Dalam buku “Democracy for Sale: Pemilu, Klientalisme, dan Negara di Indonesia” yang ia tulis bersama Edward Aspinall, Ward menggambarkan politik dan demokrasi di Indonesia dalam ruang informal yang justru jarang ditelaah oleh banyak studi politik.
Politik transaksional yang salah satu bentuknya terwujud dalam jual beli suara pada masa pemilihan umum, menurut Ward, merupakan salah satu praktik yang khas dalam politik informal Indonesia, meski isu politik transaksional sendiri dapat juga ditemukan di negara-negara lain, termasuk Argentina dan India yang ia sebutkan dalam bukunya sebagai pembanding bagi Indonesia.
Ia mengungkapkan, biaya tinggi yang terkait dengan politik transaksional ini sangat perlu dibatasi karena akan menyebabkan praktik korupsi, politik oligarkis, dan tatanan pemerintahan yang lemah.

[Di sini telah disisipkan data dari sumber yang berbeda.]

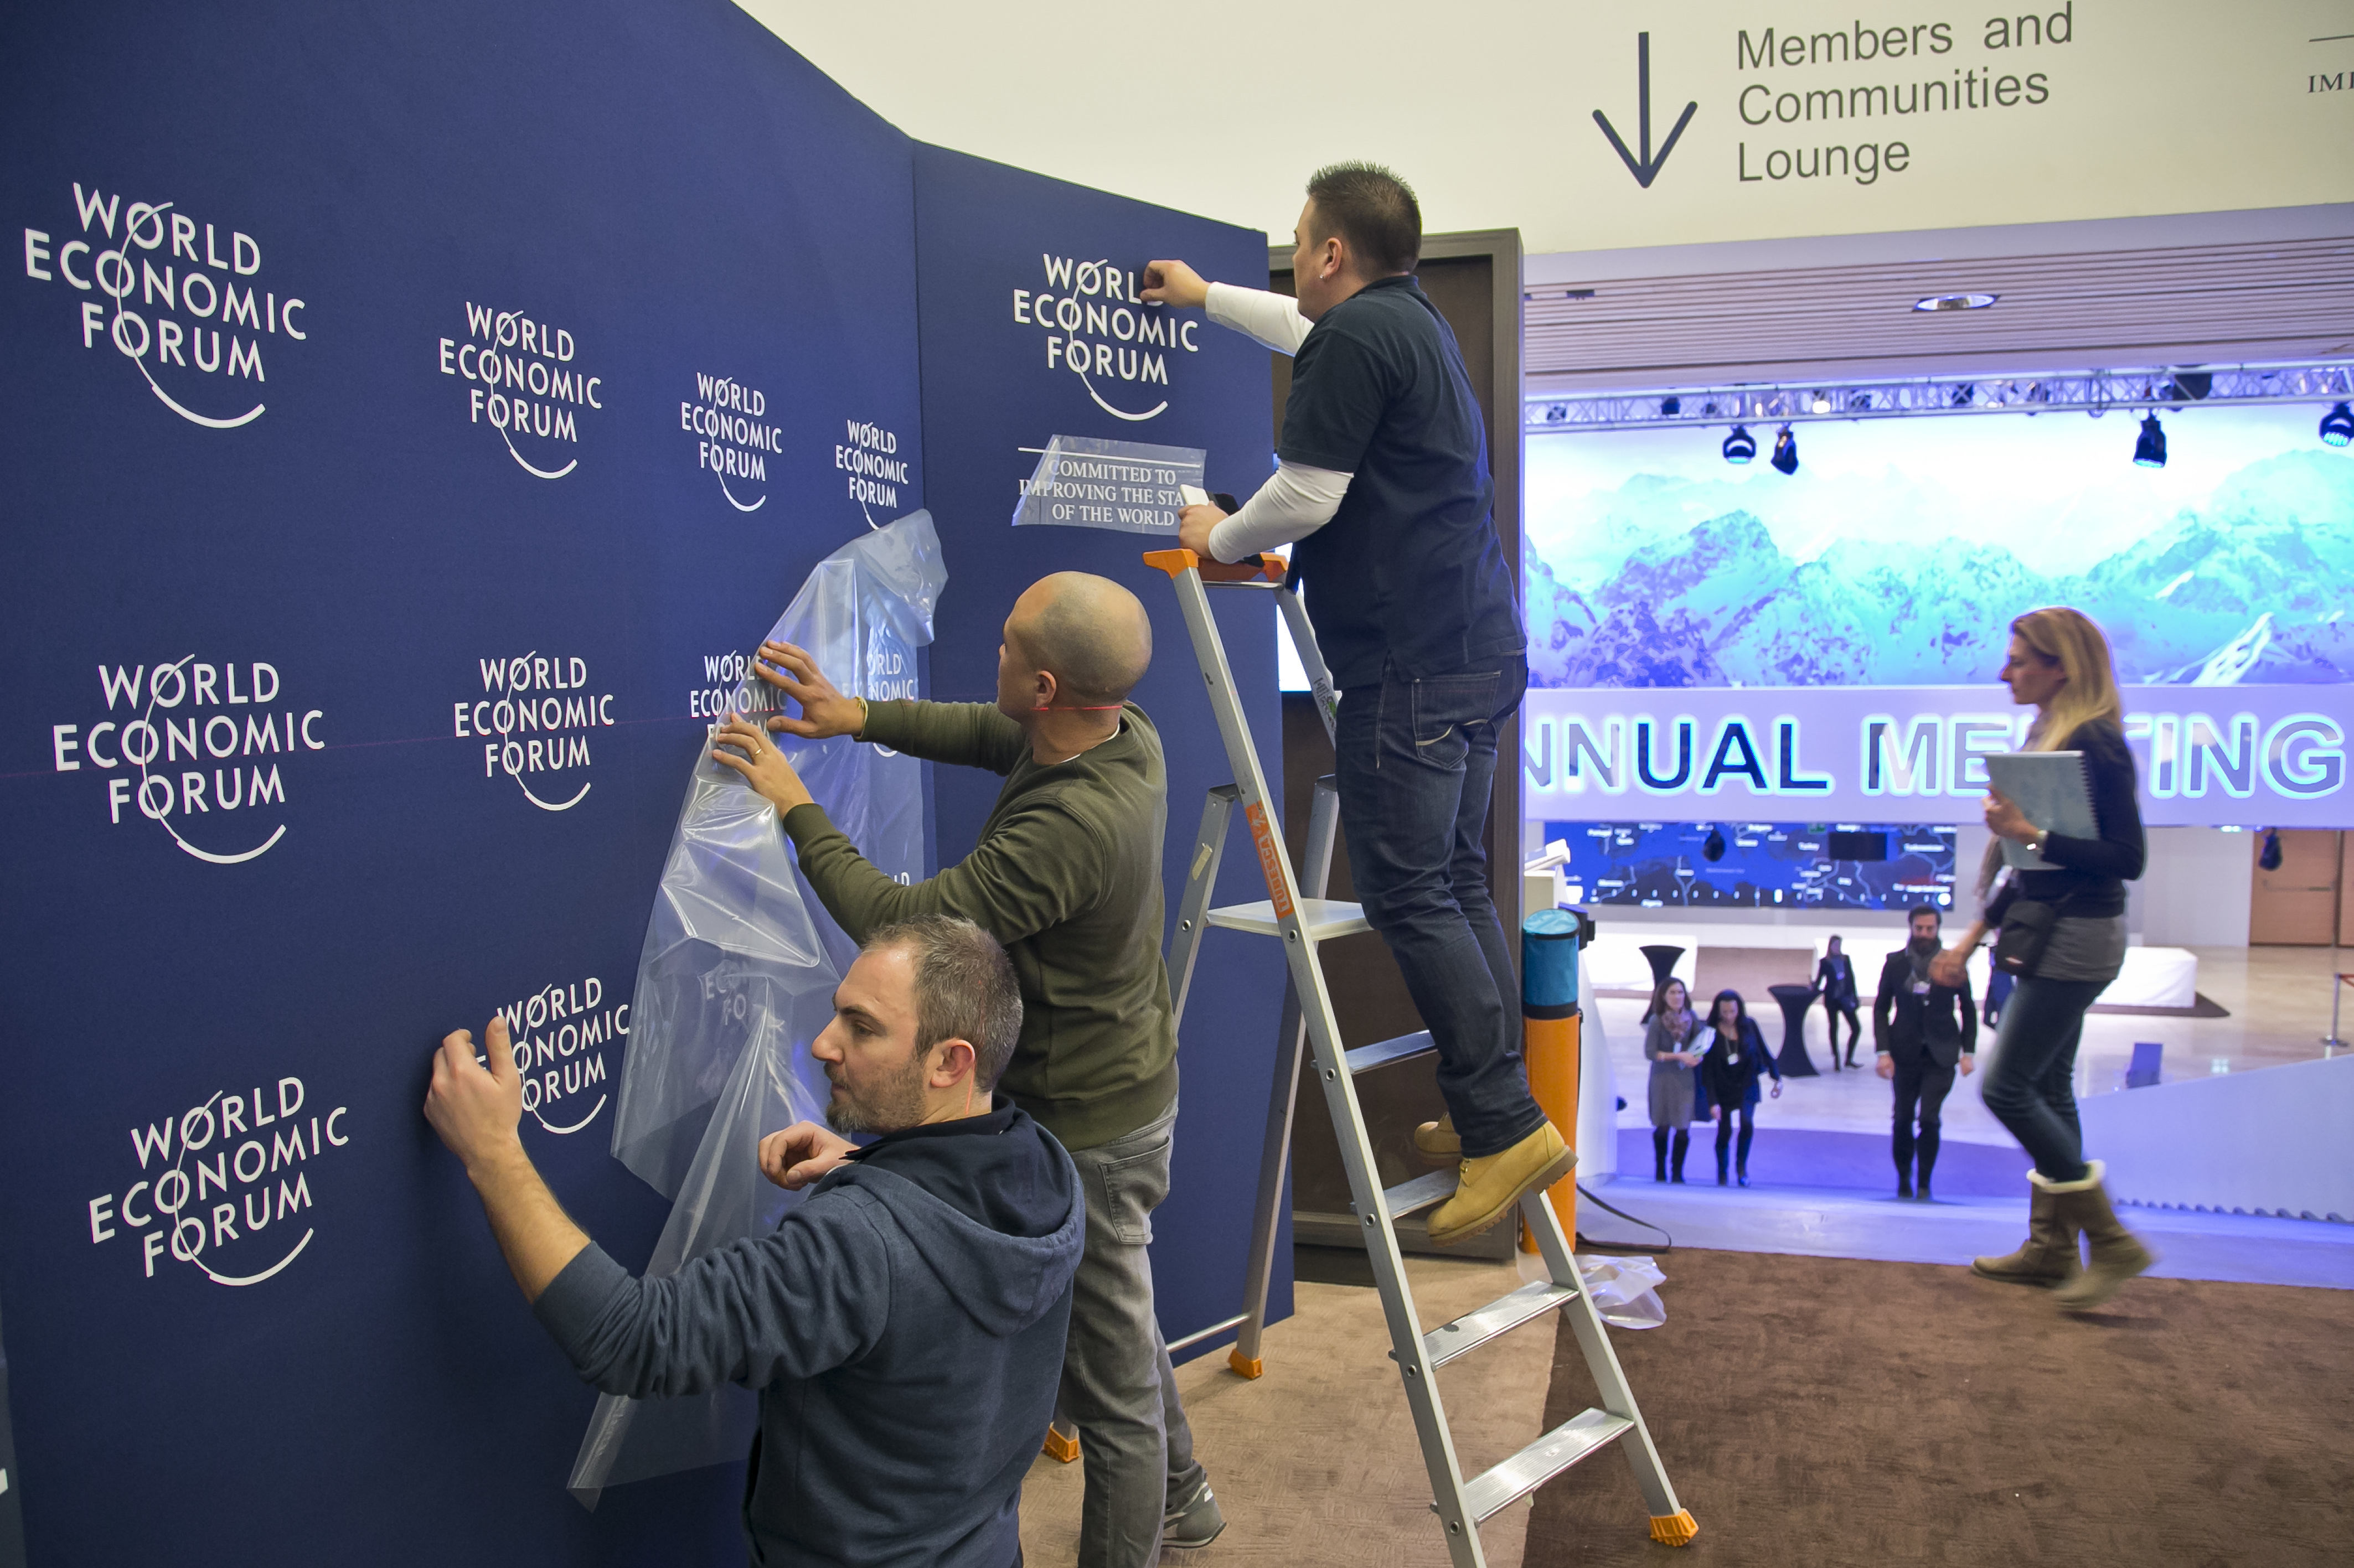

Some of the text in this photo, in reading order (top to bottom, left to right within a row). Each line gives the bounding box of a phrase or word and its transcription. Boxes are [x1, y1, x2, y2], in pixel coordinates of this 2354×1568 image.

Ia menyimpulkan dibutuhkan suatu reformasi elektoral untuk mengubah incentive structure yang dihadapi oleh politisi dan menekan ongkos politik.

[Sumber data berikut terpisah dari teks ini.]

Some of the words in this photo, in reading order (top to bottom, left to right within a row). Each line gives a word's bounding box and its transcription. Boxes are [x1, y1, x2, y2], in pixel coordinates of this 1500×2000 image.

“Reformasi pemilu sangat dibutuhkan. Hal ini dapat dilakukan misalnya dengan mengubah open list system partai untuk pemilihan parlemen,” paparnya.
Contoh lain yang ia sebutkan adalah memperkuat pengawasan kampanye serta mengintegrasikan pemilihan parlemen dan pemilihan kepala daerah.
Dosen DPP, Mada Sukmajati, yang menjadi salah satu pembahas, memberikan apresiasi kepada Ward yang dirasa cukup dapat menangkap persoalan yang ada di dalam politik Indonesia melalui kajian mendalam yang ia lakukan.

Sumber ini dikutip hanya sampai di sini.